On April 30, the Missouri Senate Finance & Government Operations & Elections Committee passed HB 1046. It requires political parties that wish to have a presidential candidate on the November ballot to furnish copies of the birth certificates of both the presidential and vice-presidential candidate, within 7 days after the nominee is chosen. If it is signed into law, it will go into effect on August 28, 2012. The Democratic national convention is later than that date. The bill has already passed the House.

The bill also requires presidential primary candidates to furnish their birth certificates, and also requires declared write-in presidential candidates to do the same. But it does not apply to independent presidential candidates.

Washington Political Scientist Todd Donovan Article, “The Top Two Primary: What Can California Learn from Washington?”

Political science professor Todd Donovan recently published an article in The California Journal of Politics & Policy, titled, “The Top Two Primary: What Can California Learn from Washington?” The article is in Volume 4, Issue 1, 2012. The last sentence of the Abstract is, “Whatever the cause of the changes, the partisan structure of Washington’s legislature appears unaltered by the new primary system.”

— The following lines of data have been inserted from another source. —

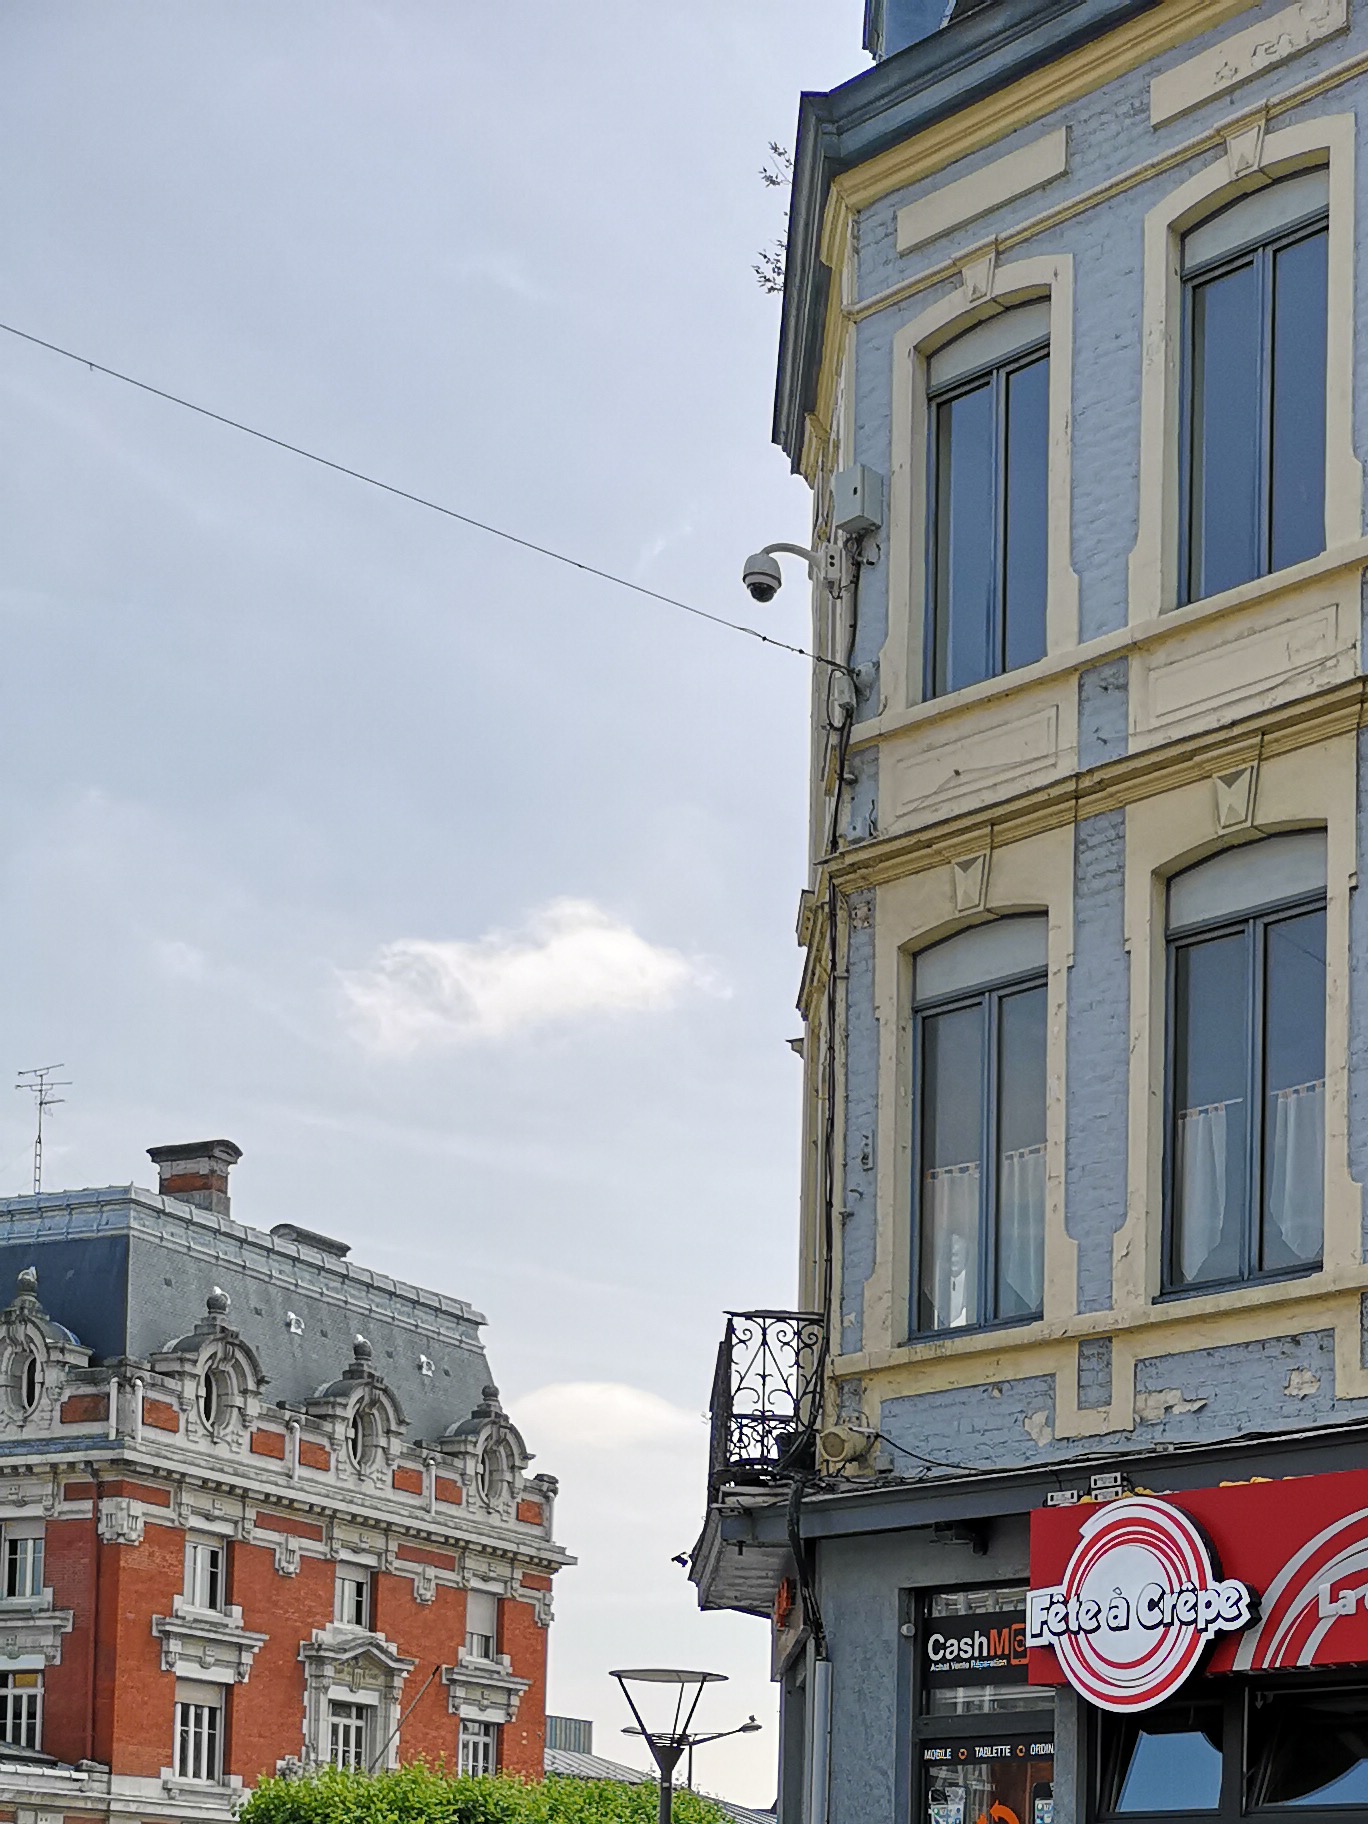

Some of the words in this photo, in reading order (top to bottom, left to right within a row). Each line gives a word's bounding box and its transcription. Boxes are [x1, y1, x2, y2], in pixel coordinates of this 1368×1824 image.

[1030, 1592, 1101, 1638] Fête
[1106, 1586, 1130, 1632] à
[1135, 1580, 1245, 1636] Crêpe
[1318, 1582, 1357, 1619] La
[951, 1660, 970, 1670] Vente
[924, 1748, 952, 1760] MOBILE
[974, 1745, 1012, 1758] TABLETTE

The article concludes that when Washington state started using a top two system in 2008, the change did not create a legislature that “looked different or functioned differently from the legislature elected under a partisan primary.”

ACLU, Others, File Lawsuit Against New Pennsylvania Law Requiring Voters at Polls to Show Government-Photo ID

On May 1, the American Civil Liberties Union and many other public interest groups filed a lawsuit on behalf of some Pennsylvania voters who do not possess government-photo ID cards. See this press release, which has links to the complaint and details about the individual voter plaintiffs.

Most of the recently passed state photo-ID laws from southern states have been blocked this year by the Voting Rights Section of the U.S. Justice Department. But most states are not covered by section 5 of the Voting Rights Act, so whether these laws may go into effect depends on the outcome of state court lawsuits, such as this one. So far the Wisconsin photo-ID law passed this year has been blocked by state courts in Wisconsin. The new Pennsylvania case is called Applewhite v Commonwealth.

Mark Schmitt Suggests Instant-Runoff Voting Would Help if it Existed in Presidential Elections

Mark Schmitt, writing for The New Republic, comments here on Americans Elect, and then goes on to recommend Instant-Runoff Voting in presidential general elections. He also recommends that states permit fusion (i.e., letting two parties jointly nominate the same candidate).

Schmitt says only five states permit fusion, although he does not name them. Actually more states than that permit fusion. They are Connecticut, Idaho, Massachusetts, Mississippi, New Hampshire, New York, Oregon, South Carolina, and Vermont; and Pennsylvania permits it for certain partisan offices. In Massachusetts, New Hampshire and Vermont, fusion only can be accomplished via write-in votes in primaries.

But Schmitt also understates the number of states that permit fusion for President. Approximately half the states permit fusion for president. This is because so many state anti-fusion laws are worded to only apply to candidates nominated in direct primaries. But presidential elector candidates are not nominated by primary in any state; generally presidential elector candidates are nominated in state conventions.